Wilko Johnson: "In the meantime, we all had a go at the diagnosis. The consensus was that it was a cyst, and they'd just cut it out. So, when we went in for the results, I wasn't expecting them to say it was cancer. "This mass in your stomach. It's cancer and it's inoperable". My son cracked up. I was absolutely calm. I just nodded. I went "OK".

When we left the hospital, I felt elated. That's the word. You never know what your reaction is going to be and at the best of times I'm a miserable so-and-so. I've suffered from depression all of my life since my teens. So feeling like this was a bit unusual, but this elation remained all day and was still there when I woke up the next day.
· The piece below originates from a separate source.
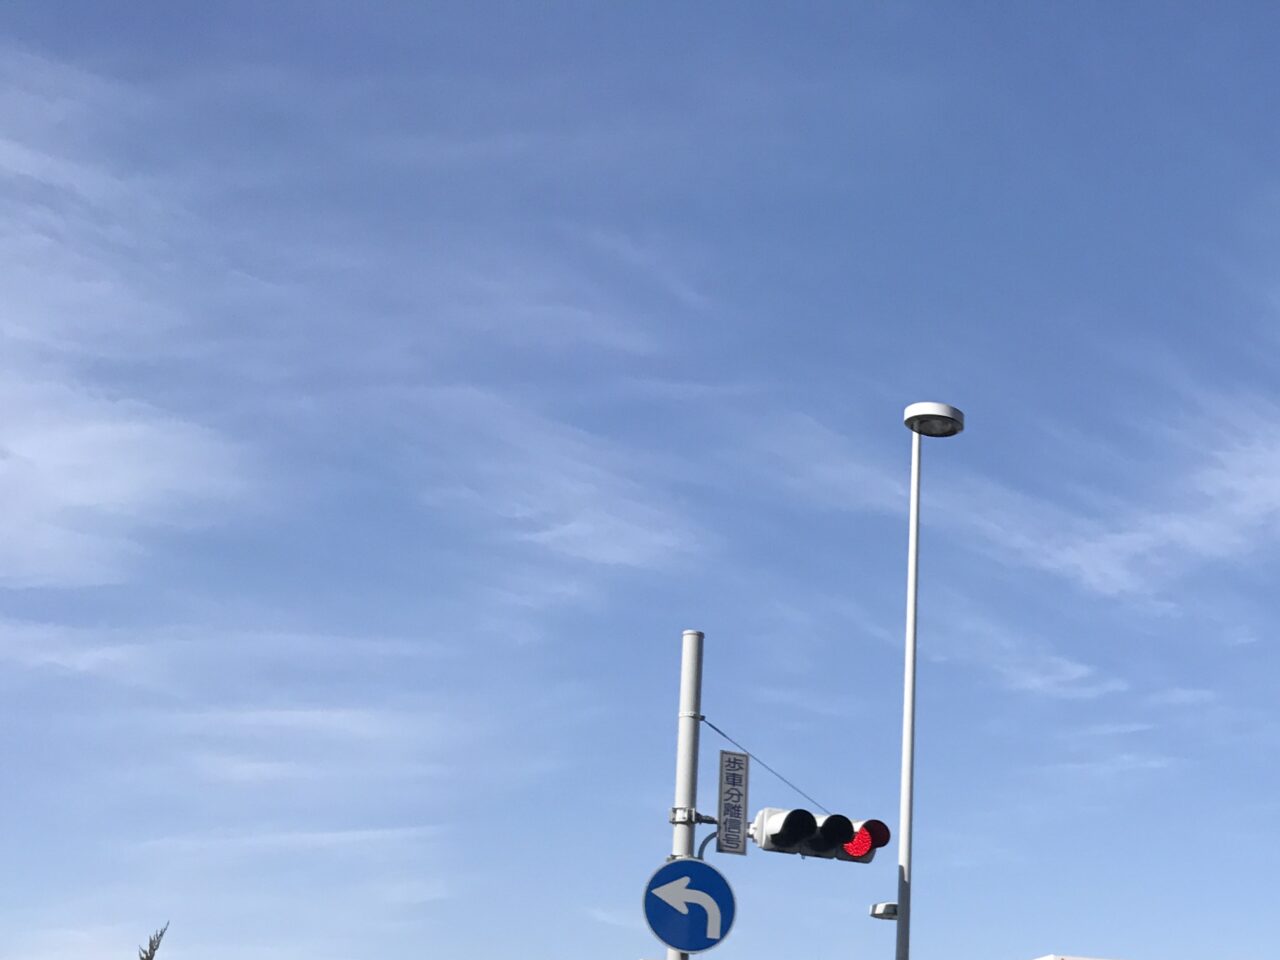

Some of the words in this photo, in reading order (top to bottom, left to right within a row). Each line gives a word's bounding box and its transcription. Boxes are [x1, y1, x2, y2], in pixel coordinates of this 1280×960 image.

[723, 757, 743, 849] 歩車分離信号
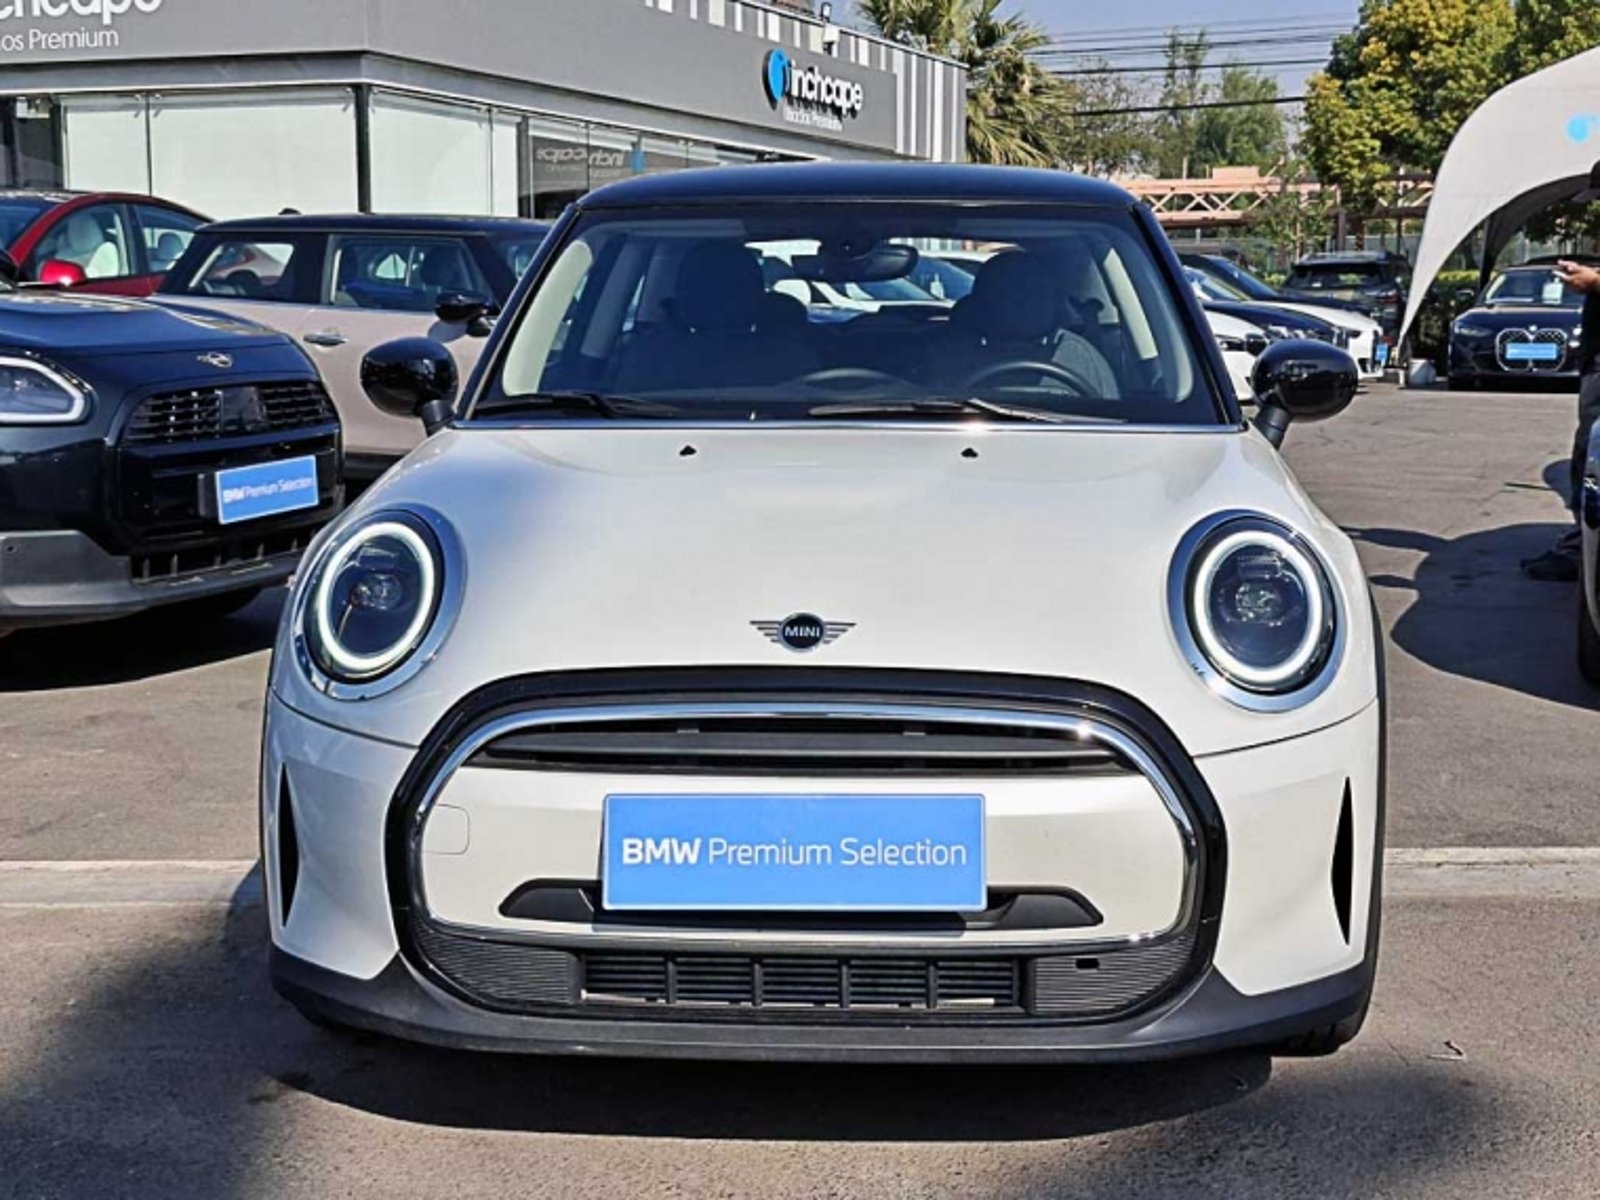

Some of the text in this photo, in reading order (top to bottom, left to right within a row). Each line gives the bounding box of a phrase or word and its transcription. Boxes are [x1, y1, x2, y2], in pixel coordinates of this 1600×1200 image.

I realised there's nothing to be hung up about, because the past, the present, the future: it doesn't mean anything. So this elevation of spirit remained. You walk down the street just tingling, man, and you feel so alive. You notice every little thing - every bird against the sunlight, everything - and just feel absolute calm. At times it amounted to euphoria ...
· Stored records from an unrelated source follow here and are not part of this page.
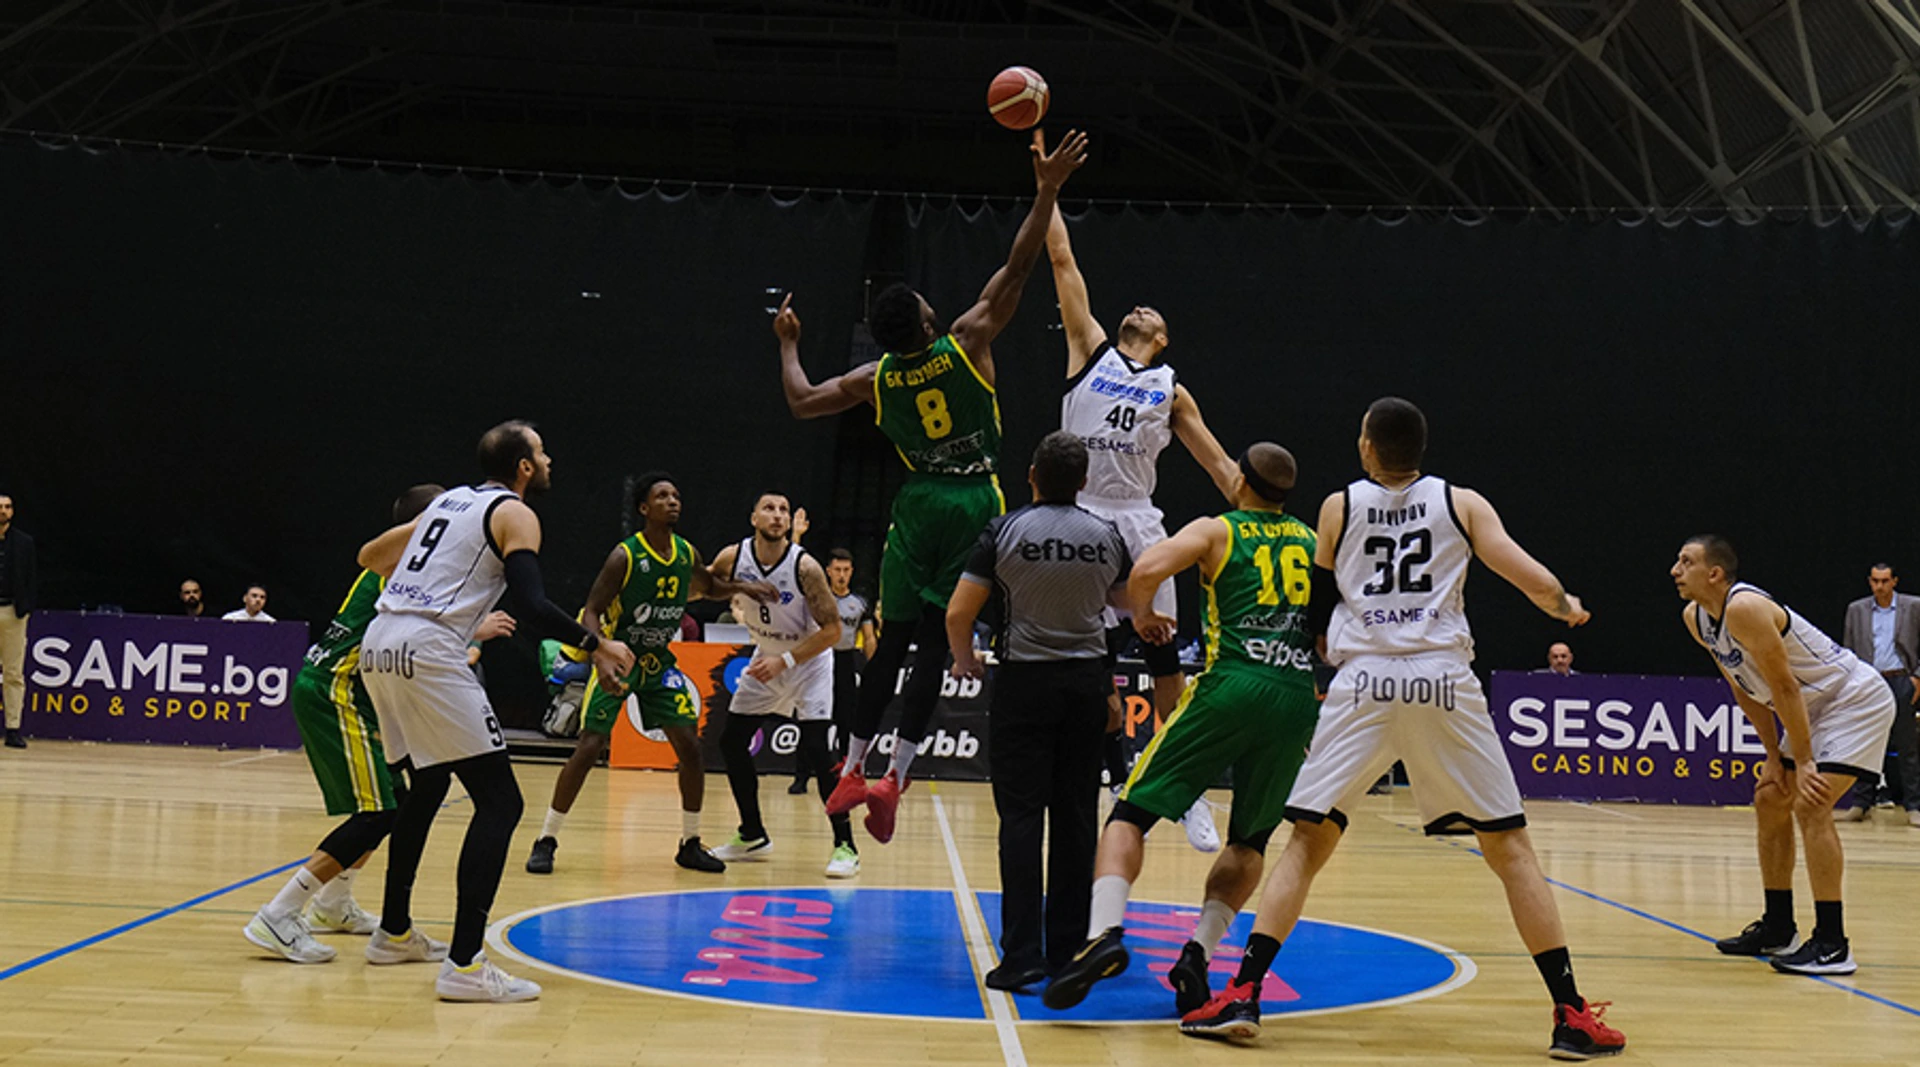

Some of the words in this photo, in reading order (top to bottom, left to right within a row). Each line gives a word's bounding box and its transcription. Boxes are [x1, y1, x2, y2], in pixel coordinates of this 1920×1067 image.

[915, 388, 953, 439] 8
[1105, 404, 1136, 432] 40
[1367, 503, 1426, 526] DAVIDOV
[407, 518, 450, 572] 9
[1020, 538, 1108, 565] efbet
[1254, 544, 1311, 607] 16
[1363, 528, 1432, 596] 32
[759, 604, 771, 624] 8
[1244, 638, 1313, 671] efbe
[31, 637, 289, 706] SAME.bg
[32, 693, 90, 714] INO
[108, 696, 125, 716] &
[144, 698, 251, 722] SPORT
[485, 716, 503, 747] 9
[1508, 698, 1768, 754] SESAME
[1531, 753, 1655, 777] CASINO
[1674, 758, 1690, 778] &
[1709, 760, 1766, 779] SPO
It's been over a month now. Normally I don't keep a feeling, especially a good feeling, for more than a few hours. Usually, I find something to mess it up. But it's remained.

It's like you've been given the ability to exist in the moment you're in, without bothering about the taxman, or anything. You realise what a marvellous thing it is to be alive. When the illness hits me, I don't think I'll be quite so jolly, as I'm a complete wimp when it comes to illness. But right now, I'm feeling fine. And I'm hoping this feeling will last a while longer".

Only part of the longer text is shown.